• _To do_
Once more, print the records exactly as given.

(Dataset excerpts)
_ _ _

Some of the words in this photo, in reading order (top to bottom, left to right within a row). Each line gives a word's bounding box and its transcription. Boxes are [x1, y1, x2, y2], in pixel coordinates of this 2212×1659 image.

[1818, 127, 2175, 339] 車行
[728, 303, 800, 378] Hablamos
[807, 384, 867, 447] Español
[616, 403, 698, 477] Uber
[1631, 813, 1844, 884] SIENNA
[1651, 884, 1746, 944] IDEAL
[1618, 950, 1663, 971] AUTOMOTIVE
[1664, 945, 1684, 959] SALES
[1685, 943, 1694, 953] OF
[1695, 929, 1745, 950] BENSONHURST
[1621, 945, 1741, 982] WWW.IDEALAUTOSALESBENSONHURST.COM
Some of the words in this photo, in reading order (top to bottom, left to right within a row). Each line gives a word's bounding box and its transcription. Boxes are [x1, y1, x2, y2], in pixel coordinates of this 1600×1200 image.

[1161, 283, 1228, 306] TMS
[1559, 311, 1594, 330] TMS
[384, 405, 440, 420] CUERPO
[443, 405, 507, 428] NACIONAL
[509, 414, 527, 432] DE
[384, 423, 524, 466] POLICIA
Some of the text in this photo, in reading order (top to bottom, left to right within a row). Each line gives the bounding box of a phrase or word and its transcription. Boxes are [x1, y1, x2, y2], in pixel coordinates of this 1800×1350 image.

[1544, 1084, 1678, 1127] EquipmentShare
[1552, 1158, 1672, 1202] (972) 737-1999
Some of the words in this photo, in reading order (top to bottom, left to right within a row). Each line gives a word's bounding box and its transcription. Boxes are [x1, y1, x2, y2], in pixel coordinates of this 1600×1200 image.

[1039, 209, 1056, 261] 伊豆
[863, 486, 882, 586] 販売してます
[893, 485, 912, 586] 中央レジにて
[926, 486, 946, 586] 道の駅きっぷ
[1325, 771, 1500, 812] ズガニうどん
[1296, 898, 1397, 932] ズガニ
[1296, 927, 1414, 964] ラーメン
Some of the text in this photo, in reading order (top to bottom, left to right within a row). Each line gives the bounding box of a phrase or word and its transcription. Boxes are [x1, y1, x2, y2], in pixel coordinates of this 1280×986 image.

_ _ _

• _Written solution_
Some of the words in this photo, in reading order (top to bottom, left to right within a row). Each line gives a word's bounding box and its transcription. Boxes are [x1, y1, x2, y2], in pixel coordinates of this 2212×1659 image.

[1818, 127, 2175, 339] 車行
[728, 303, 800, 378] Hablamos
[807, 384, 867, 447] Español
[616, 403, 698, 477] Uber
[1631, 813, 1844, 884] SIENNA
[1651, 884, 1746, 944] IDEAL
[1618, 950, 1663, 971] AUTOMOTIVE
[1664, 945, 1684, 959] SALES
[1685, 943, 1694, 953] OF
[1695, 929, 1745, 950] BENSONHURST
[1621, 945, 1741, 982] WWW.IDEALAUTOSALESBENSONHURST.COM
Some of the words in this photo, in reading order (top to bottom, left to right within a row). Each line gives a word's bounding box and its transcription. Boxes are [x1, y1, x2, y2], in pixel coordinates of this 1600×1200 image.

[1161, 283, 1228, 306] TMS
[1559, 311, 1594, 330] TMS
[384, 405, 440, 420] CUERPO
[443, 405, 507, 428] NACIONAL
[509, 414, 527, 432] DE
[384, 423, 524, 466] POLICIA
Some of the text in this photo, in reading order (top to bottom, left to right within a row). Each line gives the bounding box of a phrase or word and its transcription. Boxes are [x1, y1, x2, y2], in pixel coordinates of this 1800×1350 image.

[1544, 1084, 1678, 1127] EquipmentShare
[1552, 1158, 1672, 1202] (972) 737-1999
Some of the words in this photo, in reading order (top to bottom, left to right within a row). Each line gives a word's bounding box and its transcription. Boxes are [x1, y1, x2, y2], in pixel coordinates of this 1600×1200 image.

[1039, 209, 1056, 261] 伊豆
[863, 486, 882, 586] 販売してます
[893, 485, 912, 586] 中央レジにて
[926, 486, 946, 586] 道の駅きっぷ
[1325, 771, 1500, 812] ズガニうどん
[1296, 898, 1397, 932] ズガニ
[1296, 927, 1414, 964] ラーメン
Some of the text in this photo, in reading order (top to bottom, left to right within a row). Each line gives the bounding box of a phrase or word and its transcription. Boxes are [x1, y1, x2, y2], in pixel coordinates of this 1280×986 image.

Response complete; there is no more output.